Visiting the House and Grave of William Wordsworth (28.6.2010)


Dove Cottage – Wordsworth Trust

One of my primary teachers – Richard Hunn (1949-2006) – once contributed a section that was published in a book written about ‘Wordsworth and the Zen Mind’ (by John G Ruby), and this sparked my interest in Wordsworth as a spiritual and political poet. Although very much recognised as a genius by the British upper classes, Wordsworth was not only present in France during the years of the French Revolution, but was fully supportive of this radical transformation of society! At the end of June, 2010, I visited Dove Cottage in the Lake District, the former home of William Wordsworth and many of his creative colleagues. He lived what might be described as a ‘Bohemian’ lifestyle in the privacy of his own home and ample country grounds – whilst continuing to appear acceptably ‘middle class’ when traversing through society. Even certain establishment figures would visit his home and conform to the complete sense of creative freedom that prevailed upon. Free love, drug experimentation, dietary experimentation, no set sleeping hours, and a more or less complete freedom of thought and expression prevailed! I remember that Wordsworth possessed a very early Passport (which is a sheet of A3 paper carrying his hand-written details), and when he travelled abroad he usually carried one small suitcase – considered hand-luggage today – despite being away for months at a time!

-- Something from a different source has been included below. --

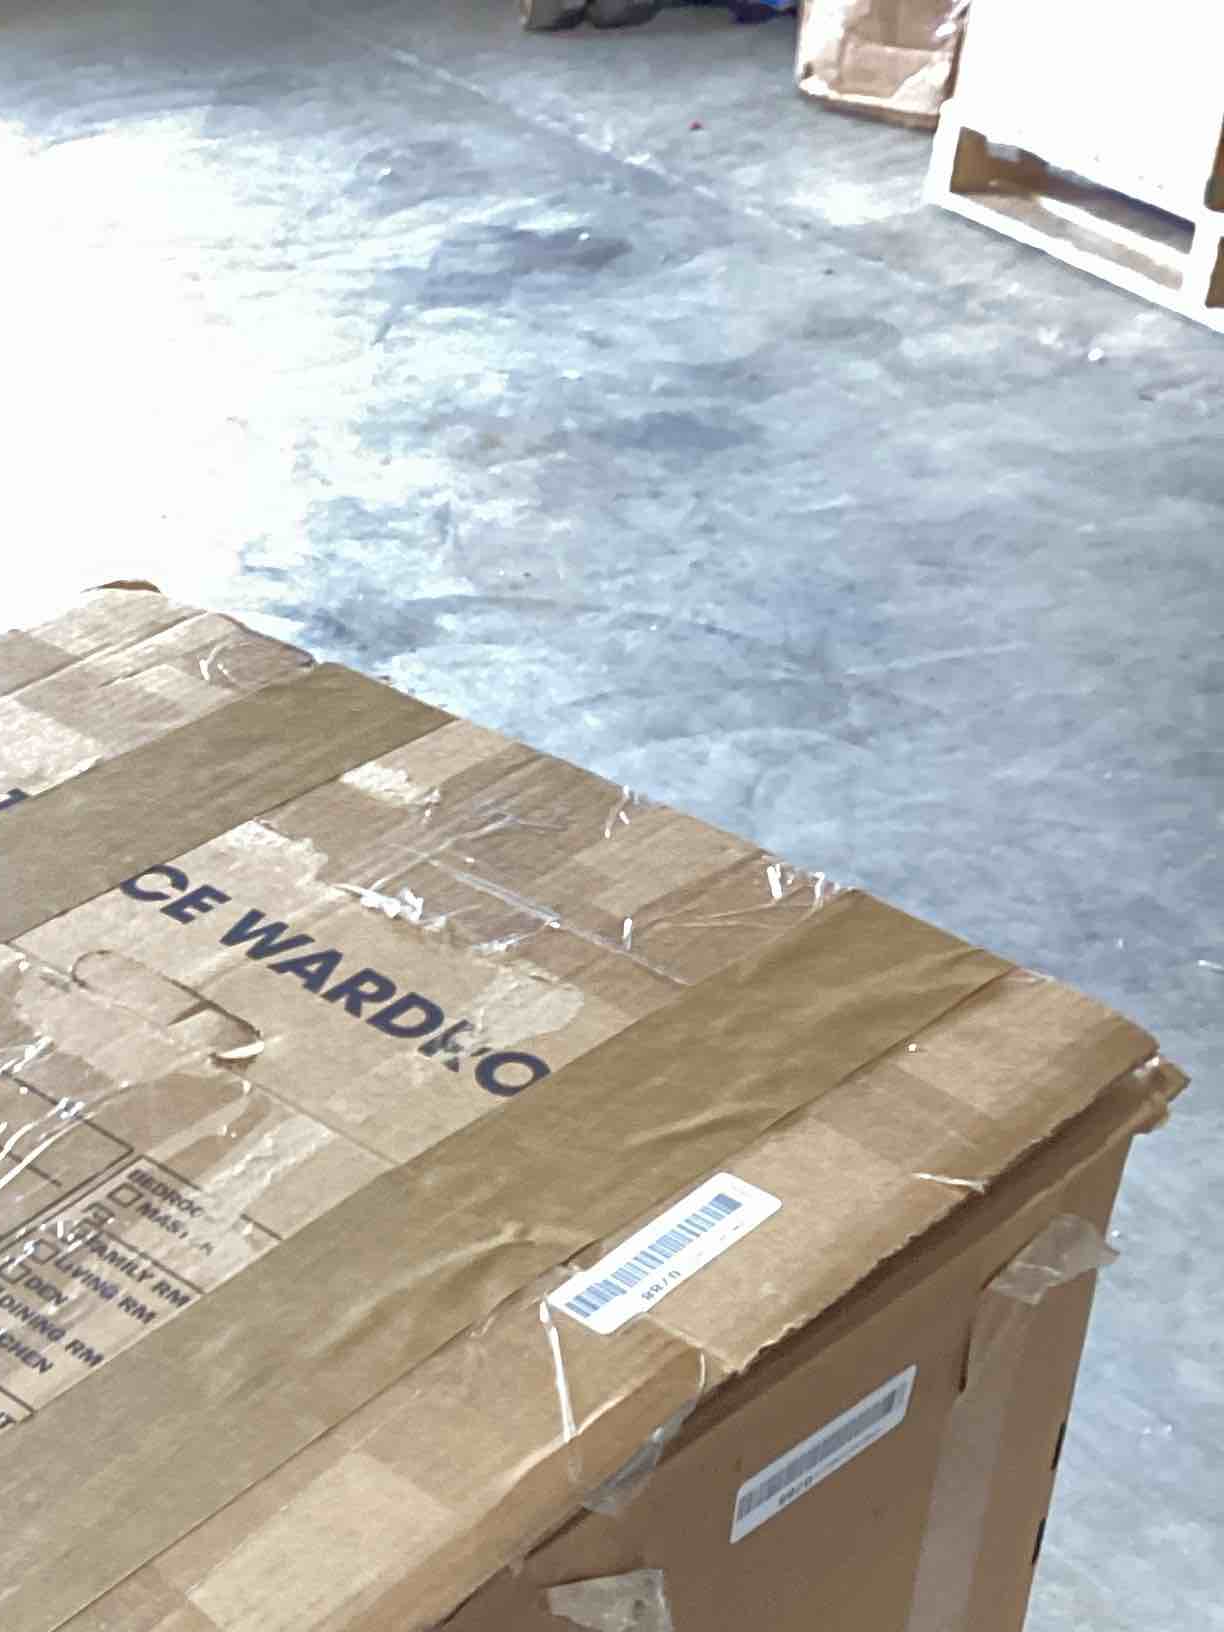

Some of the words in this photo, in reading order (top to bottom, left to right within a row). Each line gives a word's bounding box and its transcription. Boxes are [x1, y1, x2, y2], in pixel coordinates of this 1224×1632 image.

Dove Cottage is conventional in structure and middle class in function, but these sound principles provided a creative free space for William Wordsworth and many of his progressive colleagues, which contributed to a very important aspect of British artistic and philosophical expression. Whilst visiting, I saw one coach-load after another of Japanese tourists arriving, such is the popularity of Wordsworth in Japanese translation. I also saw many people from Mainland China arriving in steady numbers to experience the beautiful Dove Cottage and surrounding areas. For many, Wordsworth is considered a ‘Socialist’. I was collecting photographs and data at the time for potential articles to be published in books, magazines and journals, etc, usually accompanied by a research assistant. As and when I found a place suitably ‘educational’, I would arrange a return visit for my family, close friends and students. As and when these photographs are discovered, I will post again on this subject!